WHAT YOU ARE ASKED TO DO -
Write out the complete data exactly as written.

DATA SUPPLIED -

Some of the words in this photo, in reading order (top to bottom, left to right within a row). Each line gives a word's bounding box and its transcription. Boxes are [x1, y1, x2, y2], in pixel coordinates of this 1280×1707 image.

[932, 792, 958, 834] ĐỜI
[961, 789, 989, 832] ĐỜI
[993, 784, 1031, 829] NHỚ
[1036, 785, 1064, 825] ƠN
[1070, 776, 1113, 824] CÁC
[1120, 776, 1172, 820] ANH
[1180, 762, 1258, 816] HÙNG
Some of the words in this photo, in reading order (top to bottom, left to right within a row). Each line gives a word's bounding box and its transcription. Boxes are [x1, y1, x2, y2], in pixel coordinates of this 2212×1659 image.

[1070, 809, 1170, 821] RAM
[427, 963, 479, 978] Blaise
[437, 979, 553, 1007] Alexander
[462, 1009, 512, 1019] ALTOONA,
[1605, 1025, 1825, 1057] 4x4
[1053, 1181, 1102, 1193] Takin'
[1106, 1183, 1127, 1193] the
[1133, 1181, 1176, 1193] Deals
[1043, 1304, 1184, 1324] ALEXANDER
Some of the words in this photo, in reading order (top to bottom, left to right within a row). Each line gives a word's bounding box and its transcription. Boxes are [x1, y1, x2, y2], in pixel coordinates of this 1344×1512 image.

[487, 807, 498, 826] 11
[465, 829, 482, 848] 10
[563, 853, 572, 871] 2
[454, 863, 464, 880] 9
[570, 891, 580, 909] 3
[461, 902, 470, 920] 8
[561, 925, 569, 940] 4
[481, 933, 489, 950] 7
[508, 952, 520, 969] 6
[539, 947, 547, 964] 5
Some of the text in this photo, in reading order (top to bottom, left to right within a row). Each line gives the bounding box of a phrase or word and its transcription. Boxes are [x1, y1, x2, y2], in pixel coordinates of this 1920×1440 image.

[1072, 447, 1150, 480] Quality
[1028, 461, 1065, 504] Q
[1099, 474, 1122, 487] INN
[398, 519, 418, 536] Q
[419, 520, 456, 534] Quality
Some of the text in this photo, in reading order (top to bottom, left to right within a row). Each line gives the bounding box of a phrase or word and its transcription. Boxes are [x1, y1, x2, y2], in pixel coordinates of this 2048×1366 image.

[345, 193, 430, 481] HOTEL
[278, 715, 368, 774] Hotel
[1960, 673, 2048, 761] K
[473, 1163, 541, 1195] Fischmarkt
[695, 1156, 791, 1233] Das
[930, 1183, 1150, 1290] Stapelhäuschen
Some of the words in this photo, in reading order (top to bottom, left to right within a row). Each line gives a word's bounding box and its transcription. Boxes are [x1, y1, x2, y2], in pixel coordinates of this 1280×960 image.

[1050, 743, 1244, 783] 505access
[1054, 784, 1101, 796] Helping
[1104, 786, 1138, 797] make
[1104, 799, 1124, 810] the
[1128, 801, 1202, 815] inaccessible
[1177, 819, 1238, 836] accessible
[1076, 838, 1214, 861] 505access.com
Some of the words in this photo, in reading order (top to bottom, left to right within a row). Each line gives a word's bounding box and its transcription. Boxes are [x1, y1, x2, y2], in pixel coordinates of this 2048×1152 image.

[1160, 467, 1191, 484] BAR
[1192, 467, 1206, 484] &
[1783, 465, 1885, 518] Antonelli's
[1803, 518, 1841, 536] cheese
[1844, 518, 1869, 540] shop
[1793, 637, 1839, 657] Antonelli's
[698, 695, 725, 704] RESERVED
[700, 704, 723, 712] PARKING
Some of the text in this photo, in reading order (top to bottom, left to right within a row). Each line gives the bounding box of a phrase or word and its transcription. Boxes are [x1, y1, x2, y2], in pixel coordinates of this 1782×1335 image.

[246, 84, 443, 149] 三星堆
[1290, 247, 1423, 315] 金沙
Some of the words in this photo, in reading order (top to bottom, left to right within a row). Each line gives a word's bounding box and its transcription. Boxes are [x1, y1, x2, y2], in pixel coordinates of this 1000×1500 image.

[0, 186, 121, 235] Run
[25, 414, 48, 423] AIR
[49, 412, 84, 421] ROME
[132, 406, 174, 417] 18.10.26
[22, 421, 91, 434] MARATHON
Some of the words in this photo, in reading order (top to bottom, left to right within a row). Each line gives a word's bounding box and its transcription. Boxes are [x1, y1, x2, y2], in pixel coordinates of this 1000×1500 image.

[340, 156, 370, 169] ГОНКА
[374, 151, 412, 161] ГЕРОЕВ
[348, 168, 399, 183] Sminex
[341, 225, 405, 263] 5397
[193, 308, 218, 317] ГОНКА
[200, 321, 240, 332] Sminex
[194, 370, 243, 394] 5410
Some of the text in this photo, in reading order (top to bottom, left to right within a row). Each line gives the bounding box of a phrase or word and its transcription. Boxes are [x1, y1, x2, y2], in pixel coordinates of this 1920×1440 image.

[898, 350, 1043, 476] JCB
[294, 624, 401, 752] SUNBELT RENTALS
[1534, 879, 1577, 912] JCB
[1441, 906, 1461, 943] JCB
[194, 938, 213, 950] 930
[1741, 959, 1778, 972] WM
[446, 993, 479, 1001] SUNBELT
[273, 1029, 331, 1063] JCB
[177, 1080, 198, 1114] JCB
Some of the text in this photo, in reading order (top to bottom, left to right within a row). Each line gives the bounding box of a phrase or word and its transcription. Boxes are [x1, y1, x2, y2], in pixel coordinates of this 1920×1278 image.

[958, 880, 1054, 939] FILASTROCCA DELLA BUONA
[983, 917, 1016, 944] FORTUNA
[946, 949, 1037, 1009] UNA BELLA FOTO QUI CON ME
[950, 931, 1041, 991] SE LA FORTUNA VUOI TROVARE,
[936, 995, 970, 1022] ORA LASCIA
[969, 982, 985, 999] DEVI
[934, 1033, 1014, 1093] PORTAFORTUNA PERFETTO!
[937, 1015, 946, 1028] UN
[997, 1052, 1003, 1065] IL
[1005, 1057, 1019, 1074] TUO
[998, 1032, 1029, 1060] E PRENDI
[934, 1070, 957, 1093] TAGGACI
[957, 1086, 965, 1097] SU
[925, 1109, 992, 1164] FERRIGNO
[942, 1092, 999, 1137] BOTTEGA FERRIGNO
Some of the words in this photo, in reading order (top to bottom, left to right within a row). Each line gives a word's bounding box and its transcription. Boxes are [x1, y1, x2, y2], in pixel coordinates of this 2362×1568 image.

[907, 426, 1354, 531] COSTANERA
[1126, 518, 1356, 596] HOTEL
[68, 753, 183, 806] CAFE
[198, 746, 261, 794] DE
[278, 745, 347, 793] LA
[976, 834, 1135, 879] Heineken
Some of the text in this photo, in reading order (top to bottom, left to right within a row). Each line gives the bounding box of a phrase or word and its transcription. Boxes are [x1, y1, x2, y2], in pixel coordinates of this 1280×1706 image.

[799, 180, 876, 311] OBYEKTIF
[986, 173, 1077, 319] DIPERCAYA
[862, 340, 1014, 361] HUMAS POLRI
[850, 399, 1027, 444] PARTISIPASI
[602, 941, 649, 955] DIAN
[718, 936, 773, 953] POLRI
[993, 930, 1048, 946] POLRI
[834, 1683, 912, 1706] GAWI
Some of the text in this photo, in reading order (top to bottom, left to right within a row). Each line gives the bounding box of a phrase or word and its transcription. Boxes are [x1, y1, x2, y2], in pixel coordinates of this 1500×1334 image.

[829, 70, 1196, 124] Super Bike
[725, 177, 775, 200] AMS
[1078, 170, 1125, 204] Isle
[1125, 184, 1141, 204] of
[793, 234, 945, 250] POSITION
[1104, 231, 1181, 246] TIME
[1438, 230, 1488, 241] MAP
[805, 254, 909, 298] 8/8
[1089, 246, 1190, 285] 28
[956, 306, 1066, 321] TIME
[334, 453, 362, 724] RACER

YOUR SOLUTION -
Some of the words in this photo, in reading order (top to bottom, left to right within a row). Each line gives a word's bounding box and its transcription. Boxes are [x1, y1, x2, y2], in pixel coordinates of this 1280×1707 image.

[932, 792, 958, 834] ĐỜI
[961, 789, 989, 832] ĐỜI
[993, 784, 1031, 829] NHỚ
[1036, 785, 1064, 825] ƠN
[1070, 776, 1113, 824] CÁC
[1120, 776, 1172, 820] ANH
[1180, 762, 1258, 816] HÙNG
Some of the words in this photo, in reading order (top to bottom, left to right within a row). Each line gives a word's bounding box and its transcription. Boxes are [x1, y1, x2, y2], in pixel coordinates of this 2212×1659 image.

[1070, 809, 1170, 821] RAM
[427, 963, 479, 978] Blaise
[437, 979, 553, 1007] Alexander
[462, 1009, 512, 1019] ALTOONA,
[1605, 1025, 1825, 1057] 4x4
[1053, 1181, 1102, 1193] Takin'
[1106, 1183, 1127, 1193] the
[1133, 1181, 1176, 1193] Deals
[1043, 1304, 1184, 1324] ALEXANDER
Some of the words in this photo, in reading order (top to bottom, left to right within a row). Each line gives a word's bounding box and its transcription. Boxes are [x1, y1, x2, y2], in pixel coordinates of this 1344×1512 image.

[487, 807, 498, 826] 11
[465, 829, 482, 848] 10
[563, 853, 572, 871] 2
[454, 863, 464, 880] 9
[570, 891, 580, 909] 3
[461, 902, 470, 920] 8
[561, 925, 569, 940] 4
[481, 933, 489, 950] 7
[508, 952, 520, 969] 6
[539, 947, 547, 964] 5
Some of the text in this photo, in reading order (top to bottom, left to right within a row). Each line gives the bounding box of a phrase or word and its transcription. Boxes are [x1, y1, x2, y2], in pixel coordinates of this 1920×1440 image.

[1072, 447, 1150, 480] Quality
[1028, 461, 1065, 504] Q
[1099, 474, 1122, 487] INN
[398, 519, 418, 536] Q
[419, 520, 456, 534] Quality
Some of the text in this photo, in reading order (top to bottom, left to right within a row). Each line gives the bounding box of a phrase or word and its transcription. Boxes are [x1, y1, x2, y2], in pixel coordinates of this 2048×1366 image.

[345, 193, 430, 481] HOTEL
[278, 715, 368, 774] Hotel
[1960, 673, 2048, 761] K
[473, 1163, 541, 1195] Fischmarkt
[695, 1156, 791, 1233] Das
[930, 1183, 1150, 1290] Stapelhäuschen
Some of the words in this photo, in reading order (top to bottom, left to right within a row). Each line gives a word's bounding box and its transcription. Boxes are [x1, y1, x2, y2], in pixel coordinates of this 1280×960 image.

[1050, 743, 1244, 783] 505access
[1054, 784, 1101, 796] Helping
[1104, 786, 1138, 797] make
[1104, 799, 1124, 810] the
[1128, 801, 1202, 815] inaccessible
[1177, 819, 1238, 836] accessible
[1076, 838, 1214, 861] 505access.com
Some of the words in this photo, in reading order (top to bottom, left to right within a row). Each line gives a word's bounding box and its transcription. Boxes are [x1, y1, x2, y2], in pixel coordinates of this 2048×1152 image.

[1160, 467, 1191, 484] BAR
[1192, 467, 1206, 484] &
[1783, 465, 1885, 518] Antonelli's
[1803, 518, 1841, 536] cheese
[1844, 518, 1869, 540] shop
[1793, 637, 1839, 657] Antonelli's
[698, 695, 725, 704] RESERVED
[700, 704, 723, 712] PARKING
Some of the text in this photo, in reading order (top to bottom, left to right within a row). Each line gives the bounding box of a phrase or word and its transcription. Boxes are [x1, y1, x2, y2], in pixel coordinates of this 1782×1335 image.

[246, 84, 443, 149] 三星堆
[1290, 247, 1423, 315] 金沙
Some of the words in this photo, in reading order (top to bottom, left to right within a row). Each line gives a word's bounding box and its transcription. Boxes are [x1, y1, x2, y2], in pixel coordinates of this 1000×1500 image.

[0, 186, 121, 235] Run
[25, 414, 48, 423] AIR
[49, 412, 84, 421] ROME
[132, 406, 174, 417] 18.10.26
[22, 421, 91, 434] MARATHON
Some of the words in this photo, in reading order (top to bottom, left to right within a row). Each line gives a word's bounding box and its transcription. Boxes are [x1, y1, x2, y2], in pixel coordinates of this 1000×1500 image.

[340, 156, 370, 169] ГОНКА
[374, 151, 412, 161] ГЕРОЕВ
[348, 168, 399, 183] Sminex
[341, 225, 405, 263] 5397
[193, 308, 218, 317] ГОНКА
[200, 321, 240, 332] Sminex
[194, 370, 243, 394] 5410
Some of the text in this photo, in reading order (top to bottom, left to right within a row). Each line gives the bounding box of a phrase or word and its transcription. Boxes are [x1, y1, x2, y2], in pixel coordinates of this 1920×1440 image.

[898, 350, 1043, 476] JCB
[294, 624, 401, 752] SUNBELT RENTALS
[1534, 879, 1577, 912] JCB
[1441, 906, 1461, 943] JCB
[194, 938, 213, 950] 930
[1741, 959, 1778, 972] WM
[446, 993, 479, 1001] SUNBELT
[273, 1029, 331, 1063] JCB
[177, 1080, 198, 1114] JCB
Some of the text in this photo, in reading order (top to bottom, left to right within a row). Each line gives the bounding box of a phrase or word and its transcription. Boxes are [x1, y1, x2, y2], in pixel coordinates of this 1920×1278 image.

[958, 880, 1054, 939] FILASTROCCA DELLA BUONA
[983, 917, 1016, 944] FORTUNA
[946, 949, 1037, 1009] UNA BELLA FOTO QUI CON ME
[950, 931, 1041, 991] SE LA FORTUNA VUOI TROVARE,
[936, 995, 970, 1022] ORA LASCIA
[969, 982, 985, 999] DEVI
[934, 1033, 1014, 1093] PORTAFORTUNA PERFETTO!
[937, 1015, 946, 1028] UN
[997, 1052, 1003, 1065] IL
[1005, 1057, 1019, 1074] TUO
[998, 1032, 1029, 1060] E PRENDI
[934, 1070, 957, 1093] TAGGACI
[957, 1086, 965, 1097] SU
[925, 1109, 992, 1164] FERRIGNO
[942, 1092, 999, 1137] BOTTEGA FERRIGNO
Some of the words in this photo, in reading order (top to bottom, left to right within a row). Each line gives a word's bounding box and its transcription. Boxes are [x1, y1, x2, y2], in pixel coordinates of this 2362×1568 image.

[907, 426, 1354, 531] COSTANERA
[1126, 518, 1356, 596] HOTEL
[68, 753, 183, 806] CAFE
[198, 746, 261, 794] DE
[278, 745, 347, 793] LA
[976, 834, 1135, 879] Heineken
Some of the text in this photo, in reading order (top to bottom, left to right within a row). Each line gives the bounding box of a phrase or word and its transcription. Boxes are [x1, y1, x2, y2], in pixel coordinates of this 1280×1706 image.

[799, 180, 876, 311] OBYEKTIF
[986, 173, 1077, 319] DIPERCAYA
[862, 340, 1014, 361] HUMAS POLRI
[850, 399, 1027, 444] PARTISIPASI
[602, 941, 649, 955] DIAN
[718, 936, 773, 953] POLRI
[993, 930, 1048, 946] POLRI
[834, 1683, 912, 1706] GAWI
Some of the text in this photo, in reading order (top to bottom, left to right within a row). Each line gives the bounding box of a phrase or word and its transcription. Boxes are [x1, y1, x2, y2], in pixel coordinates of this 1500×1334 image.

[829, 70, 1196, 124] Super Bike
[725, 177, 775, 200] AMS
[1078, 170, 1125, 204] Isle
[1125, 184, 1141, 204] of
[793, 234, 945, 250] POSITION
[1104, 231, 1181, 246] TIME
[1438, 230, 1488, 241] MAP
[805, 254, 909, 298] 8/8
[1089, 246, 1190, 285] 28
[956, 306, 1066, 321] TIME
[334, 453, 362, 724] RACER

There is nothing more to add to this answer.